Sophie Chase-Borthwick, global lead – GDPR services at data optimization and privacy specialists, Calligo, explains. “The ICO has a lot of good resources and guidance. However, they can’t give too many hard and fast examples as they know perfectly well people will simply copy it verbatim. The reality is that some companies are very basic and old school when it comes to data, whereas others do impressive things with demographics and analytics. Each one of those will have very different privacy notice requirements.”
While you can’t copy someone else’s policy wholesale, you can look at what works and what doesn’t for other publishers. Of the big publishers, Chase-Borthwick cites the BBC as a good starting point to see how to get it right, certainly in terms of look and feel.

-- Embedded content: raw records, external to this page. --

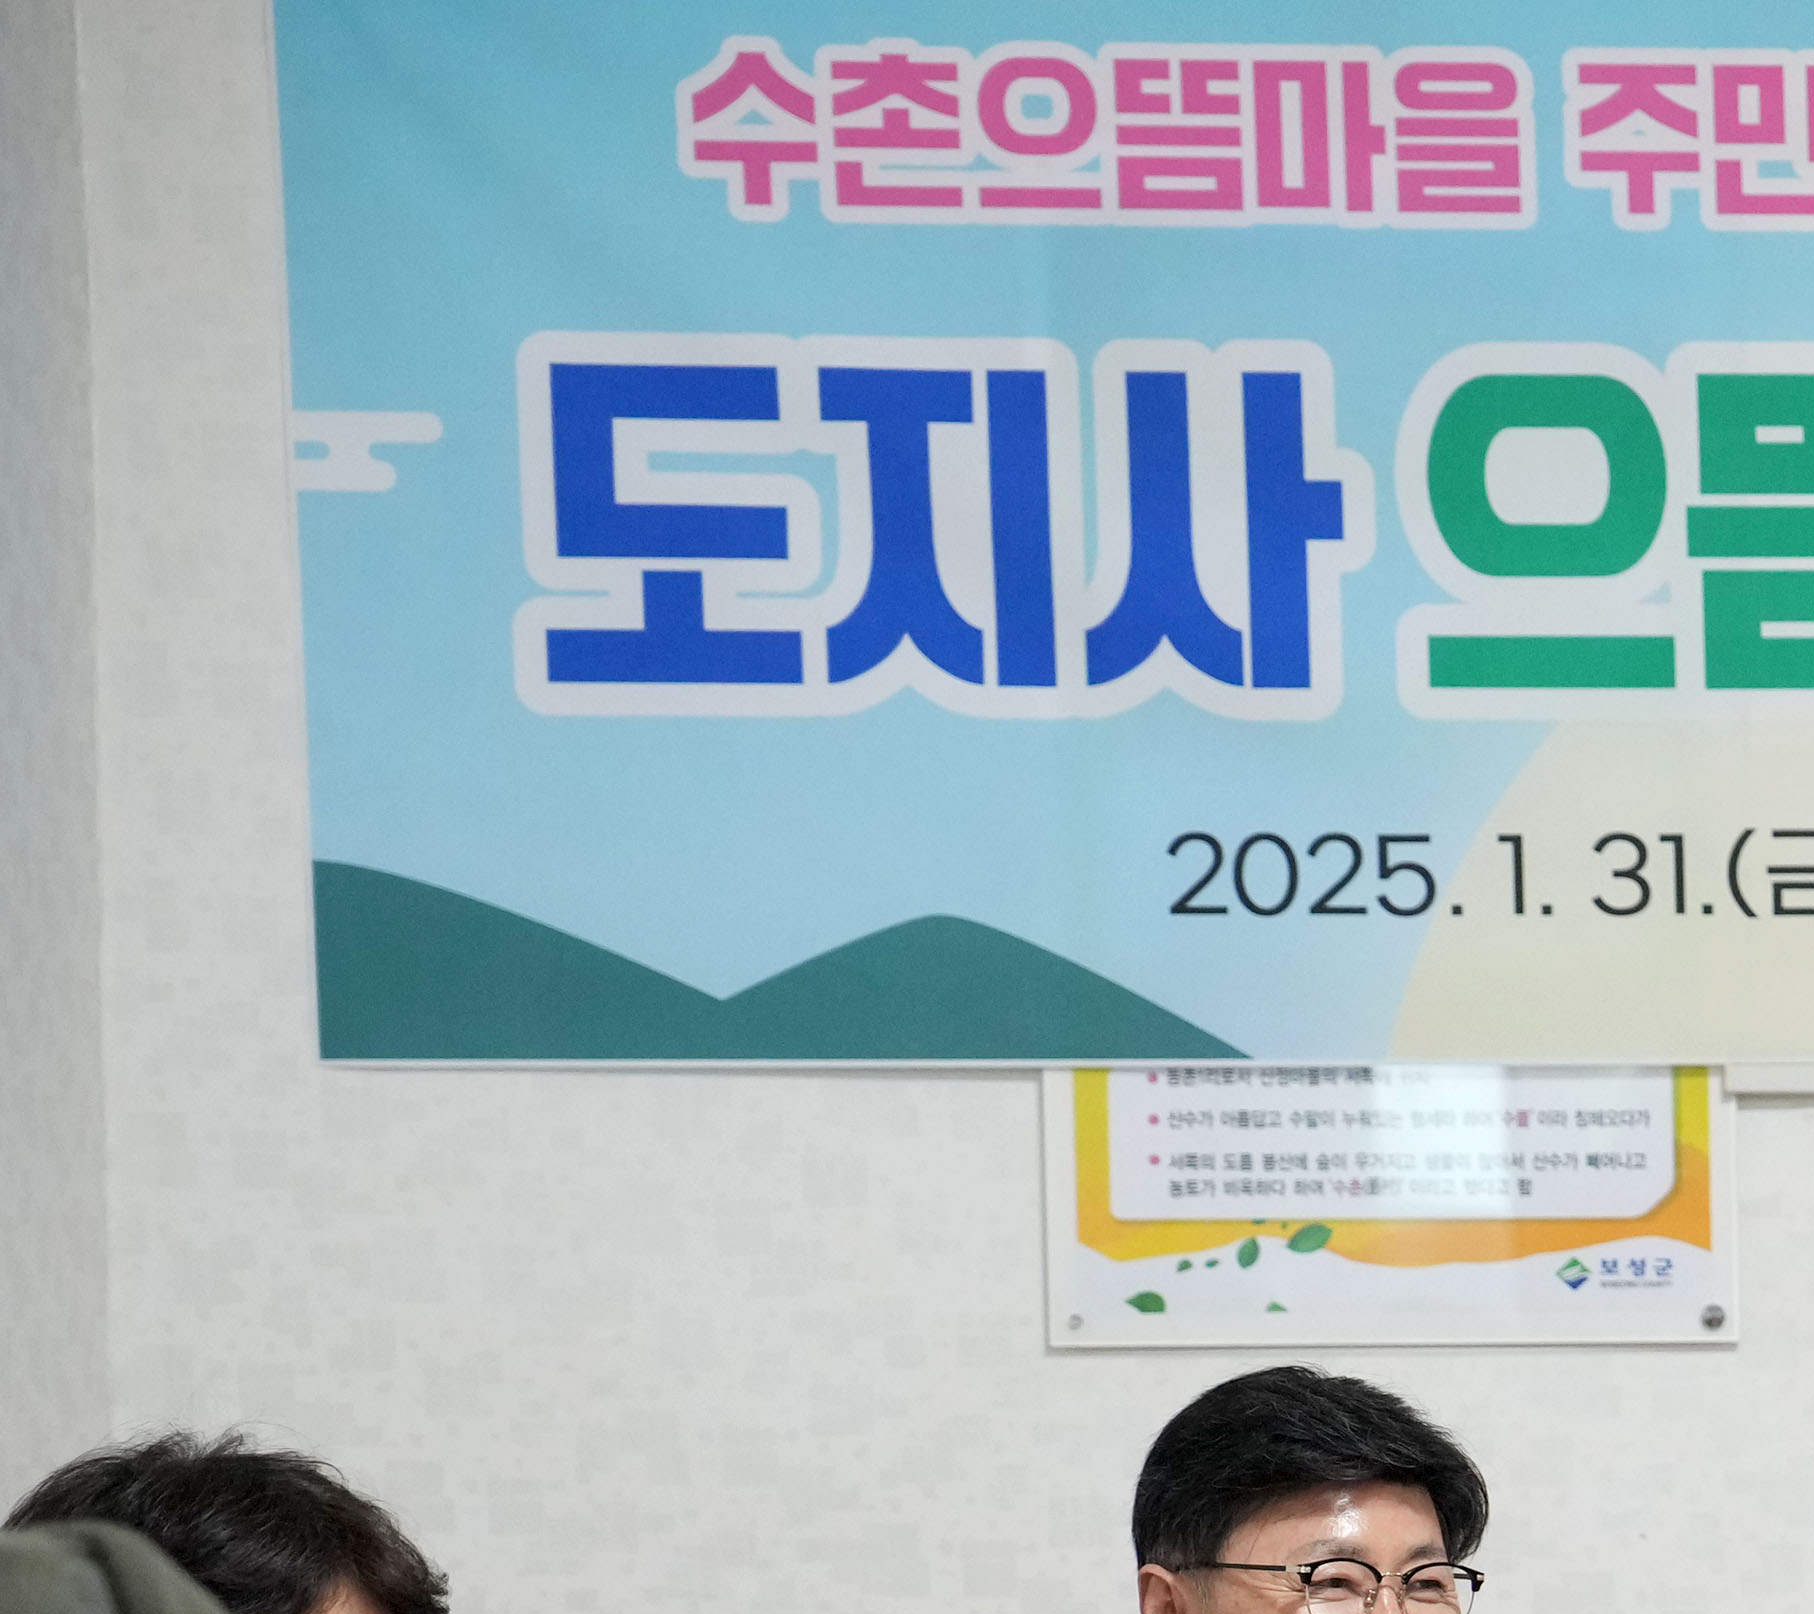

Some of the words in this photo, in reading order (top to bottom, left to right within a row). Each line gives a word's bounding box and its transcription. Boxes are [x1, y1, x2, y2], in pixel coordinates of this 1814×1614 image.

[689, 49, 1525, 216] 수촌으뜸마을
[545, 362, 1345, 690] 도지사
[1166, 831, 1464, 918] 2025.
[1496, 833, 1554, 916] 1.
[1599, 1257, 1673, 1277] 보성군

Under GDPR, any time anyone properly engages with your website – not just reading, but wanting to know more and signing up – then you need to have your privacy notice right up there. You need to let them know up front what you do with their data. If they have to go and search for this then, again, you are going to fall foul of GDPR.
Another area where publishers are potentially likely to be caught out is the need to declare if they pass information between magazines under the same company umbrella.
“Just because someone subscribes to one title doesn’t mean you are allowed to pass data between that and another title without full disclosure,” explains Chase-Borthwick. “GDPR is very clear on this, affiliate companies within the same structure are still considered external third parties. The only way this would not apply would be if all titles were part of the same legal entity.”
So tell people clearly if you are sharing details. This doesn’t mean vaguely skirting round the point by saying “we may share your details with some of our affiliates”, you need to say “we will share your data with affiliates within our parent company”. Again, this is all about plain English.
This links to the final point Chase-Borthwick raises. What we’ve been talking about so far is what is officially termed an Article 13 privacy notice. This is where the organisation gets its information directly from the “data subject”, i.e. if someone subscribes directly to your magazine. An Article 14 notice, on the other hand is where that data is acquired from a third party, including your affiliates.
“If you contact someone that came to you via someone else, then the first time you contact them you have to include your Article 14 privacy notice – even if it’s just a URL,” says Chase-Borthwick. “Although mostly the same as an Article 13 notice, you also have to disclose exactly where you got the data from. So if you are passing data between affiliates this makes it much more transparent for the end user.”
GDPR is all about transparency and plain speaking. While it may be a culture shock it’s about how we would all want our data treated as consumers. And we know it’s the world we want to live in otherwise Mark Zuckerberg wouldn’t be in front of the Senate.